◆ PROBLEM REQUIREMENTS
Output the line that contains "this 2212×1659 image." and each line after it in the listing, exactly as they appear, through the very last line.

◆ INPUT FOR THIS TASK

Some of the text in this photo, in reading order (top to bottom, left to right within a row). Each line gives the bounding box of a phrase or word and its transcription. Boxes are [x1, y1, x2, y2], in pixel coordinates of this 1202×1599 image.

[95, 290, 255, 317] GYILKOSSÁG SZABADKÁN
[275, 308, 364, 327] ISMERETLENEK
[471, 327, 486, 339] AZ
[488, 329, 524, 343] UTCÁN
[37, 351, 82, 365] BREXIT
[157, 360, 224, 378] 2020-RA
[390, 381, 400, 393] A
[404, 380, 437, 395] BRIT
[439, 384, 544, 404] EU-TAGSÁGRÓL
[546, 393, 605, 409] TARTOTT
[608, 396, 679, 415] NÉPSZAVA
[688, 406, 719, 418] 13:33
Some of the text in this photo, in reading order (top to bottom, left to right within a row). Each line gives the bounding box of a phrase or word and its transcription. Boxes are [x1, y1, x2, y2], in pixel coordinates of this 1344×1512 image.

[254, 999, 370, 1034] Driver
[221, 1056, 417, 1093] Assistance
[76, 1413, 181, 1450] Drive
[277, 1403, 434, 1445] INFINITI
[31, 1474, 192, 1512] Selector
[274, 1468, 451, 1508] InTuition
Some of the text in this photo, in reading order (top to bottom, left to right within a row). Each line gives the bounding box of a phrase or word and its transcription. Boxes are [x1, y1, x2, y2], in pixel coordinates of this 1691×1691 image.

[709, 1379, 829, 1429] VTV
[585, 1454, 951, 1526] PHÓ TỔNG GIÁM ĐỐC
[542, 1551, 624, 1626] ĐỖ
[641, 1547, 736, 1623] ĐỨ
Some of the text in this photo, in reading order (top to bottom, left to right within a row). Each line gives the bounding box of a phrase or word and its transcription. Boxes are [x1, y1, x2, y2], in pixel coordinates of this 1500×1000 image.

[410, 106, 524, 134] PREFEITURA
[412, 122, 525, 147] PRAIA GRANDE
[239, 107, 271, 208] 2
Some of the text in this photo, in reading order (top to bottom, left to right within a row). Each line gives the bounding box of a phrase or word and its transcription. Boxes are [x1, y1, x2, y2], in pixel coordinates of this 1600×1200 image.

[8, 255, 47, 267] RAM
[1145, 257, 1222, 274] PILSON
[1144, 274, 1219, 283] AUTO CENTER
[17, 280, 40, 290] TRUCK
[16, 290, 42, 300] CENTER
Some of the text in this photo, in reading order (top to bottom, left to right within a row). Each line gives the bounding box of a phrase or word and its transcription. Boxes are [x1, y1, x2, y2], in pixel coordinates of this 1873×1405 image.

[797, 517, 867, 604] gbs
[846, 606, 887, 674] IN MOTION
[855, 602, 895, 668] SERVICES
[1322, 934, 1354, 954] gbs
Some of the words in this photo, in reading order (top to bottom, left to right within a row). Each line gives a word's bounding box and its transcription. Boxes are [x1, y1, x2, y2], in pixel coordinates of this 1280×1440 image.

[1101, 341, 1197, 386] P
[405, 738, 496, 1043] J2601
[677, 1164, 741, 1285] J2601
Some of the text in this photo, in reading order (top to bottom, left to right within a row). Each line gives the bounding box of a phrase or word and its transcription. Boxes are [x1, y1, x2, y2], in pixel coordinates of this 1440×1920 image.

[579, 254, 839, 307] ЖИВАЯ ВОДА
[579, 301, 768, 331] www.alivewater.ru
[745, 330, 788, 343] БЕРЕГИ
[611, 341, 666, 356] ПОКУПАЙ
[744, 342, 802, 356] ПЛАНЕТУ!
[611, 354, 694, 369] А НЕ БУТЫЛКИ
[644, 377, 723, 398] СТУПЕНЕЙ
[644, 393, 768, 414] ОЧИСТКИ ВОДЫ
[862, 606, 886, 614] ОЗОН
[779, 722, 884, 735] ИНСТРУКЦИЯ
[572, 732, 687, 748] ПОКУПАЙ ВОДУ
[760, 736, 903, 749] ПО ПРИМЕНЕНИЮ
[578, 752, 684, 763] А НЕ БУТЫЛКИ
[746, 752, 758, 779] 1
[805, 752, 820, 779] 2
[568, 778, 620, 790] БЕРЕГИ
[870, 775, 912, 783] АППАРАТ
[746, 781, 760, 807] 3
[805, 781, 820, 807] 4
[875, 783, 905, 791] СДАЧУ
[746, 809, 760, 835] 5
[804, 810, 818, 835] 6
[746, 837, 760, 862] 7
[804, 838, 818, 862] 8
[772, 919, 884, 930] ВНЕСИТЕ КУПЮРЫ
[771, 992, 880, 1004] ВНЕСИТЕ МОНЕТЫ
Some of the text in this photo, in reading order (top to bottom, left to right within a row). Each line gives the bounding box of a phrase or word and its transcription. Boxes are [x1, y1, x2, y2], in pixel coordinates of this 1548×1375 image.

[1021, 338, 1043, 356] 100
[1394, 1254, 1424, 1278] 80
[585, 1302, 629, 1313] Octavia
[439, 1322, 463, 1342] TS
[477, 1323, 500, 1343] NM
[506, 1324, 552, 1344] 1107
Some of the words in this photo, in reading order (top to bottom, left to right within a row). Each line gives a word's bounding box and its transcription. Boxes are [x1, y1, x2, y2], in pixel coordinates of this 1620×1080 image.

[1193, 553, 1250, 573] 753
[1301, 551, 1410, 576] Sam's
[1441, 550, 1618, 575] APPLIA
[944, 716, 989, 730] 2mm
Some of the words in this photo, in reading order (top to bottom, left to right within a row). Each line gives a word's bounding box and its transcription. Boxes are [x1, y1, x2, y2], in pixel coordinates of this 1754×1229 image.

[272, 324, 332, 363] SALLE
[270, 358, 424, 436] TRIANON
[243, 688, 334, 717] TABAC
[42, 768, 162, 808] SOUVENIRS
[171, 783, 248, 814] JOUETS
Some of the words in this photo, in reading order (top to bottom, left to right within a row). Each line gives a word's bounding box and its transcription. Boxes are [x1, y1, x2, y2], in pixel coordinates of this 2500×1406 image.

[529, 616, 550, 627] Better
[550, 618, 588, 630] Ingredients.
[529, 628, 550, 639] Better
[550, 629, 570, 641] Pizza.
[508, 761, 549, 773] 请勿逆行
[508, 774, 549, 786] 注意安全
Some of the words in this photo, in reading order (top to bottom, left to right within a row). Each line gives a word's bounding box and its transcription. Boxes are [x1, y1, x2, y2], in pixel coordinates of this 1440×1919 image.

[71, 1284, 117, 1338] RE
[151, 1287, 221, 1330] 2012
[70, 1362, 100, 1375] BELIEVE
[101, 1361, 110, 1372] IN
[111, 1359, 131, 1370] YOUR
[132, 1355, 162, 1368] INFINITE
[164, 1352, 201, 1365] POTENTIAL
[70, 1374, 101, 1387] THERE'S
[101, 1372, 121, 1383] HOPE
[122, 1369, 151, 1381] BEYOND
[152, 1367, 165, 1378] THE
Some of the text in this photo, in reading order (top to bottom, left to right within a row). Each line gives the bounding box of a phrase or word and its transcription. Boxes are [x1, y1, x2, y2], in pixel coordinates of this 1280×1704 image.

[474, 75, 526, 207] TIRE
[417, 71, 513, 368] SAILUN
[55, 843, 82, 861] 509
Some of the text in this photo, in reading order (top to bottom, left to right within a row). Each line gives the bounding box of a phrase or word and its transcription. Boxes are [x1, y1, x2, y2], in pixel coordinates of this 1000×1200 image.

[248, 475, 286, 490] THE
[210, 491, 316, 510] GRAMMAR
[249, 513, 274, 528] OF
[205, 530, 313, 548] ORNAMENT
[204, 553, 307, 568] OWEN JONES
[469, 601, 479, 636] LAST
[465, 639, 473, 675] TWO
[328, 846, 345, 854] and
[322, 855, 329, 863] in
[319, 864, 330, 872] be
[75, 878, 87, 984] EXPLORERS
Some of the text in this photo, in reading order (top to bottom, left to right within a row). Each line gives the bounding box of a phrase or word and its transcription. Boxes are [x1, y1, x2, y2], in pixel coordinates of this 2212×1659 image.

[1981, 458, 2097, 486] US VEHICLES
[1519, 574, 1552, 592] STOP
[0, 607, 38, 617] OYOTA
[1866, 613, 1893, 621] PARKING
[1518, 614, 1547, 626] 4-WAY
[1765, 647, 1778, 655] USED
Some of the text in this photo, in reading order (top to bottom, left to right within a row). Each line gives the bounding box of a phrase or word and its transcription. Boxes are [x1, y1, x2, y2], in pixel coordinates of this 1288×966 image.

◆ ANSWER TO THIS EXERCISE
Some of the text in this photo, in reading order (top to bottom, left to right within a row). Each line gives the bounding box of a phrase or word and its transcription. Boxes are [x1, y1, x2, y2], in pixel coordinates of this 2212×1659 image.

[1981, 458, 2097, 486] US VEHICLES
[1519, 574, 1552, 592] STOP
[0, 607, 38, 617] OYOTA
[1866, 613, 1893, 621] PARKING
[1518, 614, 1547, 626] 4-WAY
[1765, 647, 1778, 655] USED
Some of the text in this photo, in reading order (top to bottom, left to right within a row). Each line gives the bounding box of a phrase or word and its transcription. Boxes are [x1, y1, x2, y2], in pixel coordinates of this 1288×966 image.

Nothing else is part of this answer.